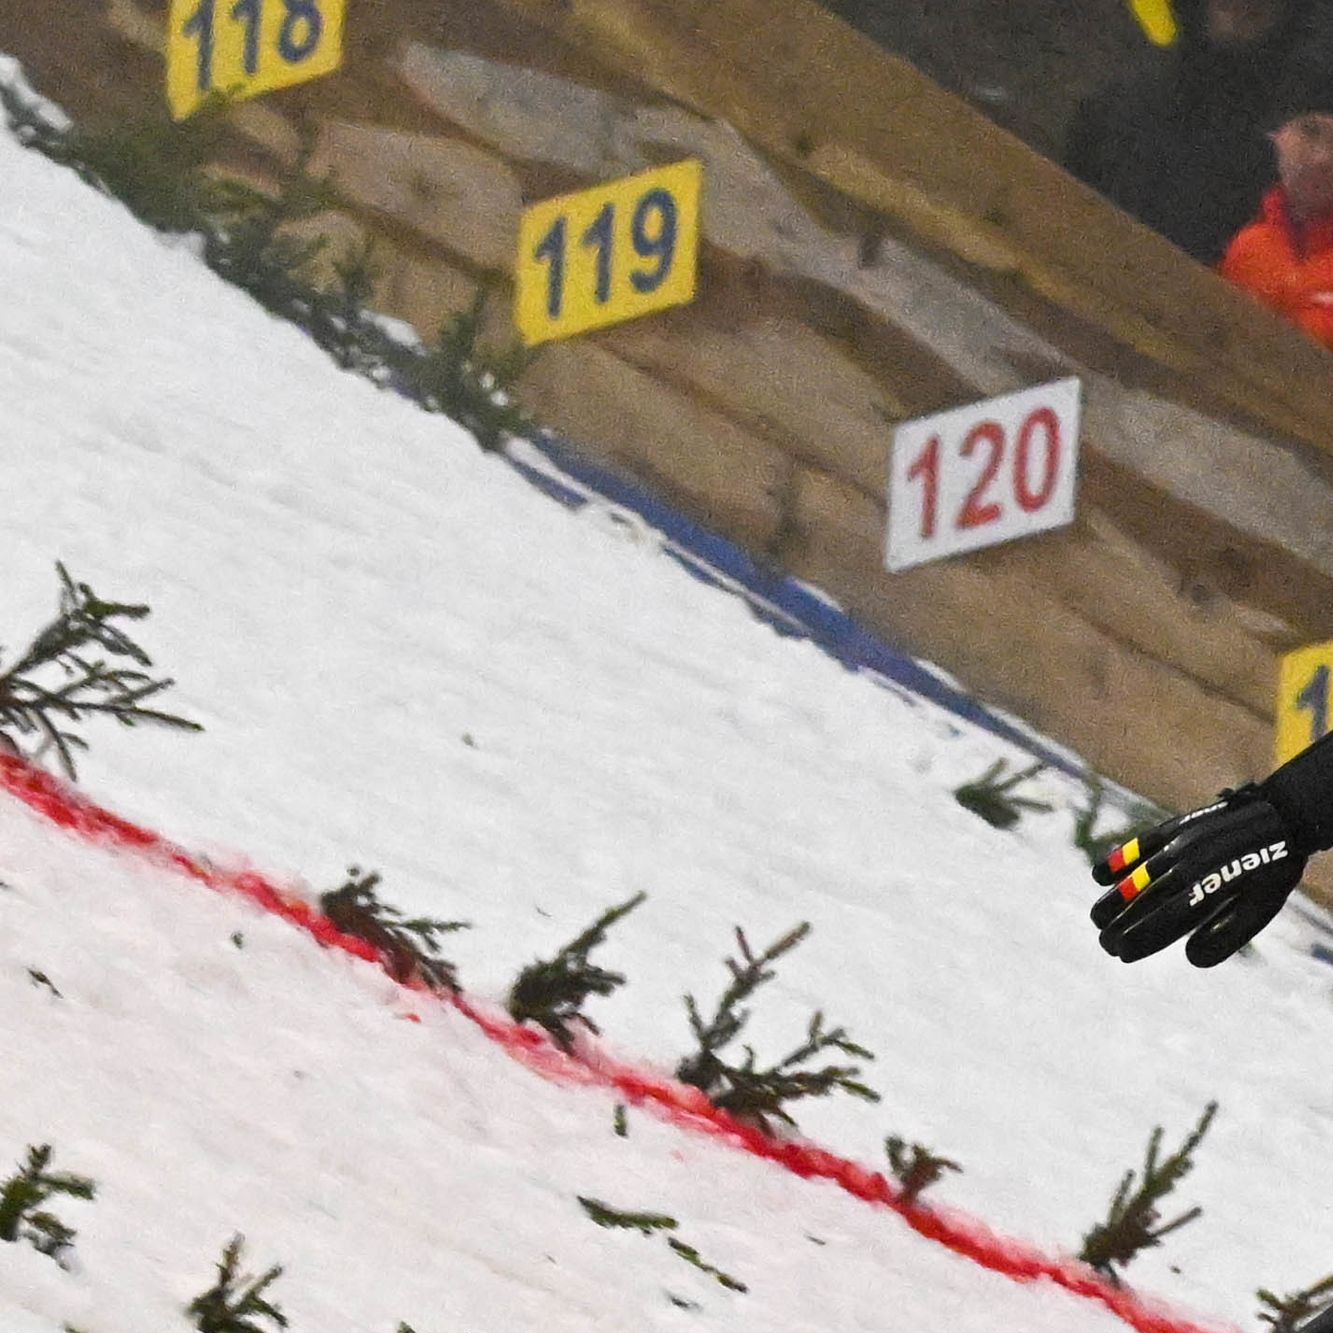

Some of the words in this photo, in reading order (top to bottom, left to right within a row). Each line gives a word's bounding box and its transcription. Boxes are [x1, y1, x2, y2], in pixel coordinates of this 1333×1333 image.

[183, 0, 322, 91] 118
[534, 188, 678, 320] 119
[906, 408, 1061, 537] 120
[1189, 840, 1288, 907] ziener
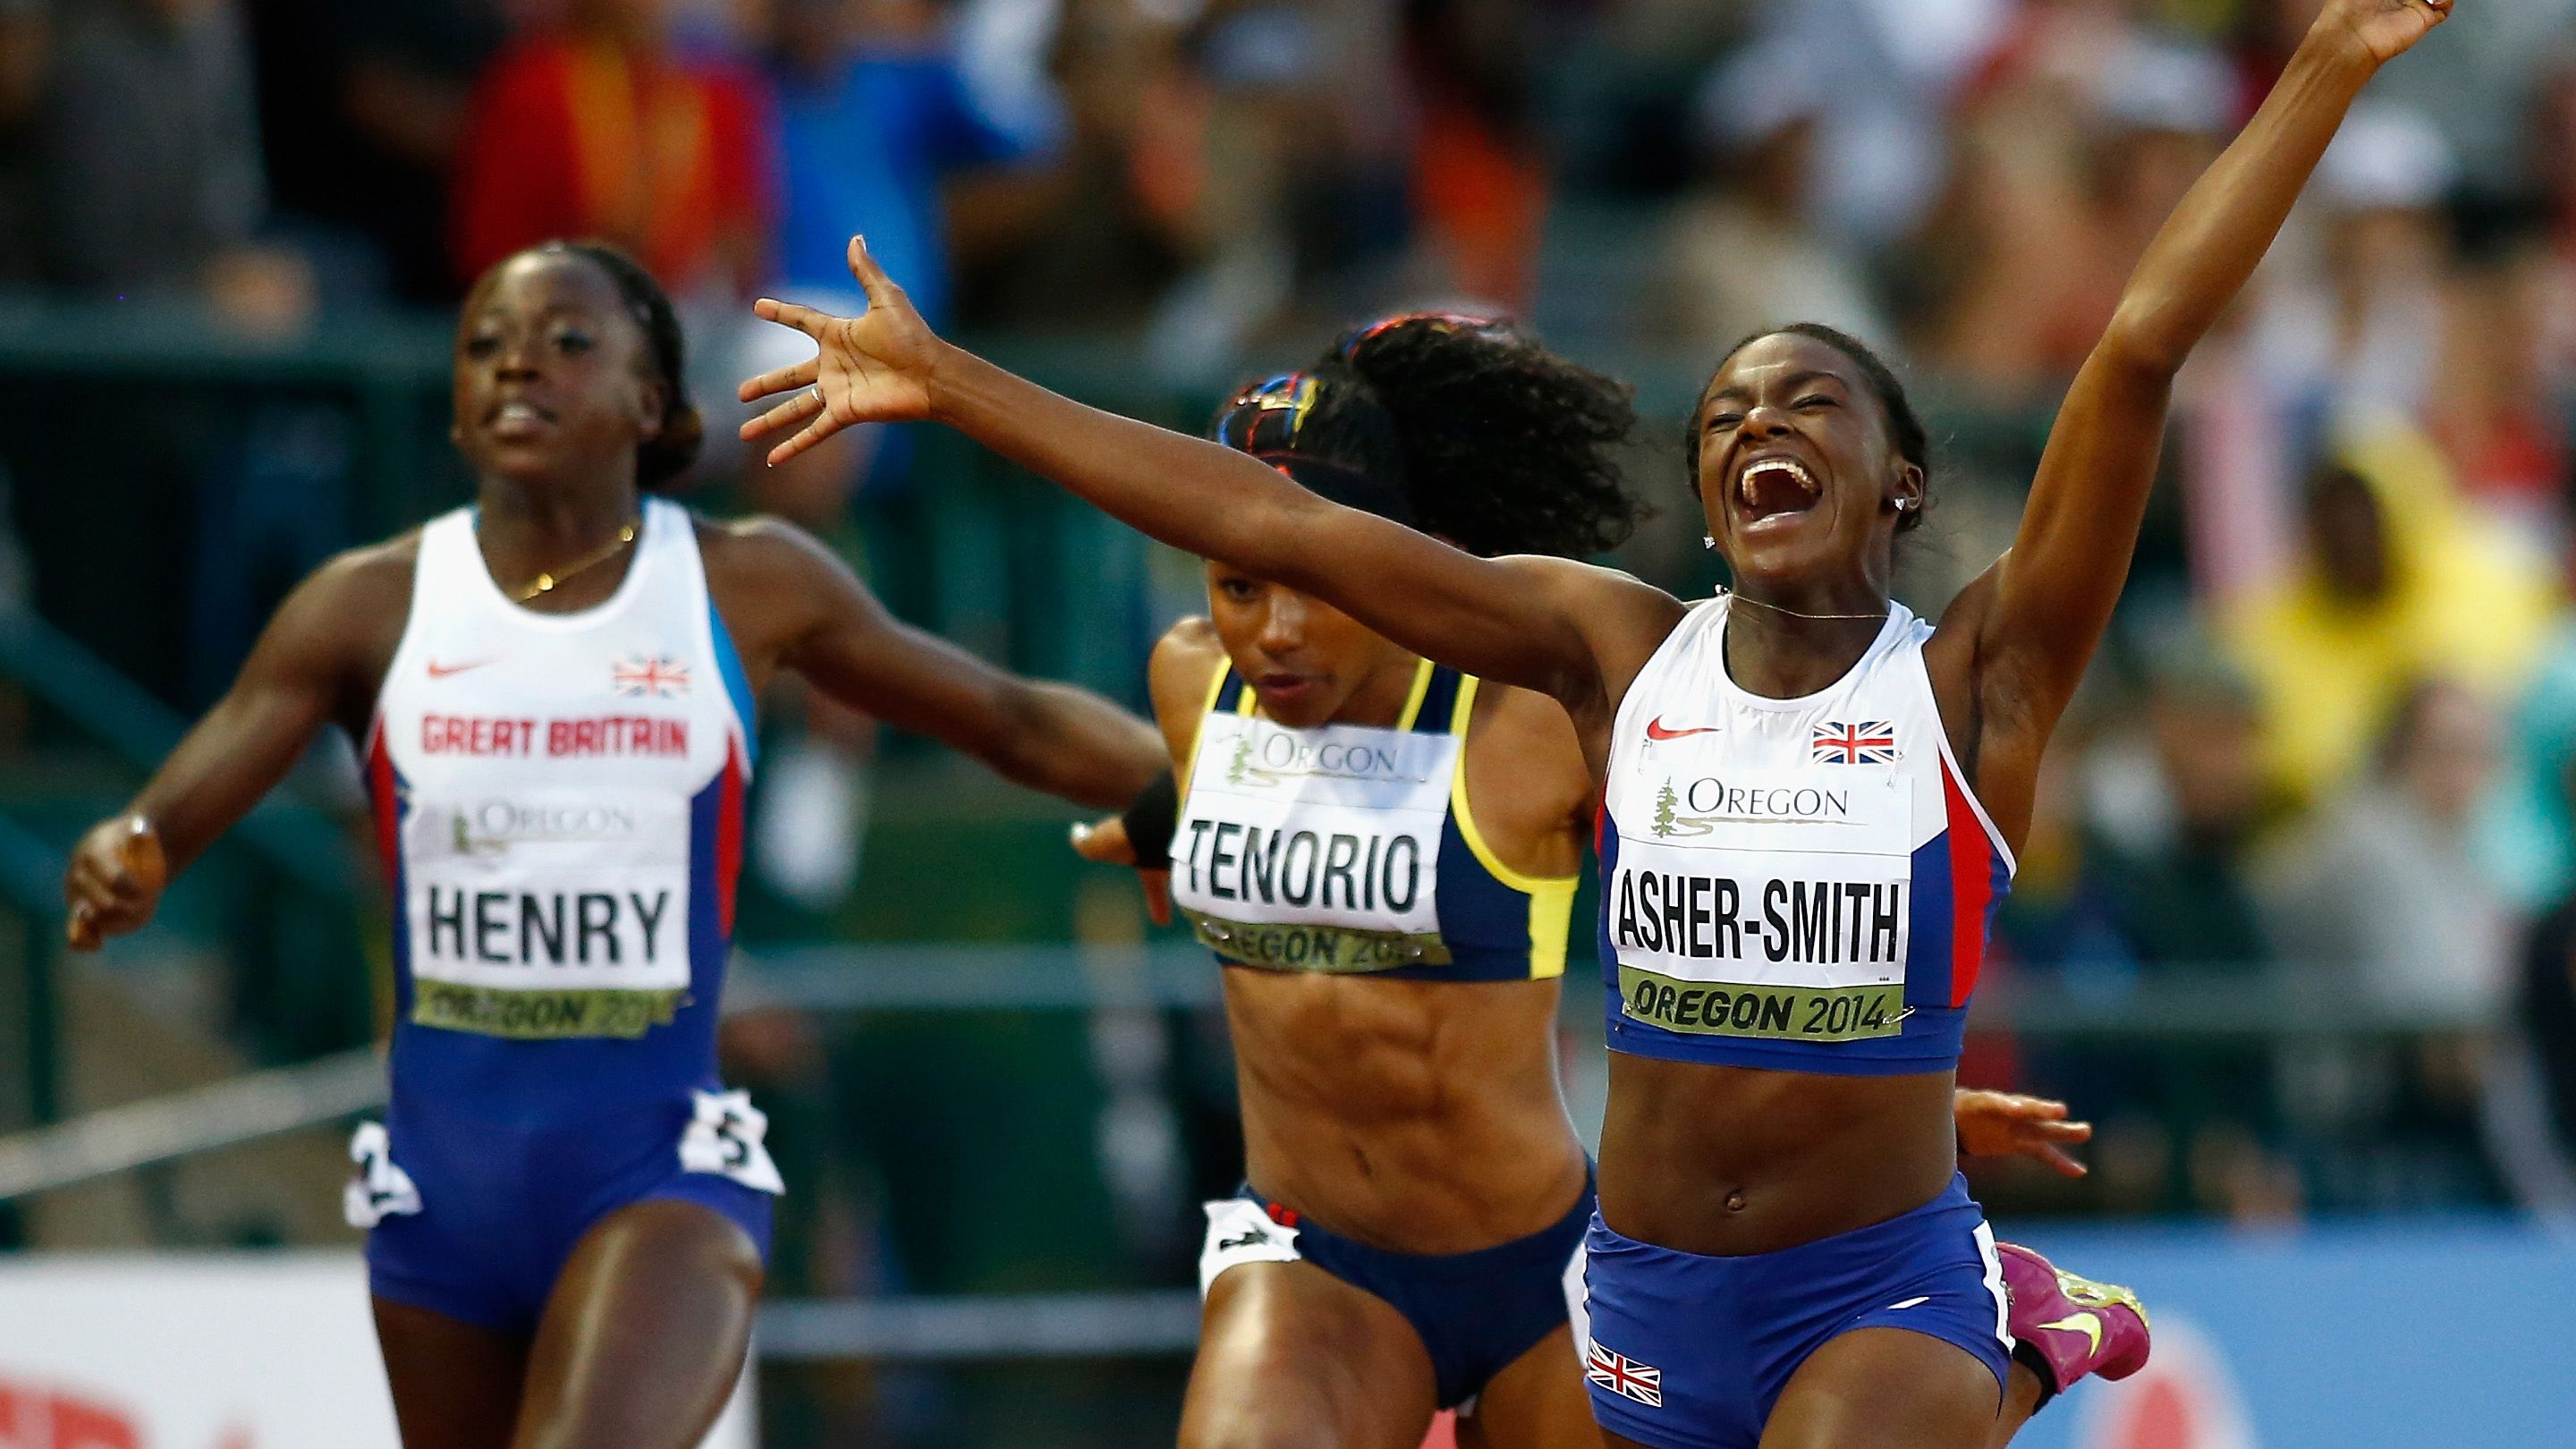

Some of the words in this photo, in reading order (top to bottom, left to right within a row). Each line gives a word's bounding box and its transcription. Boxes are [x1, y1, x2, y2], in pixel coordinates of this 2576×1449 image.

★ ★ ★ ★ ★

Every entry should be returned exactly as written, minus the pictures.

Some of the words in this photo, in reading order (top to bottom, left to right within a row). Each line gives a word's bounding box and its transcription. Boxes are [x1, y1, x2, y2], in pixel coordinates of this 1333×1333 image.

[183, 0, 322, 91] 118
[534, 188, 678, 320] 119
[906, 408, 1061, 537] 120
[1189, 840, 1288, 907] ziener

Some of the words in this photo, in reading order (top to bottom, left to right within a row). Each line gives a word's bounding box and its transcription. Boxes are [x1, y1, x2, y2], in pixel coordinates of this 2576×1449 image.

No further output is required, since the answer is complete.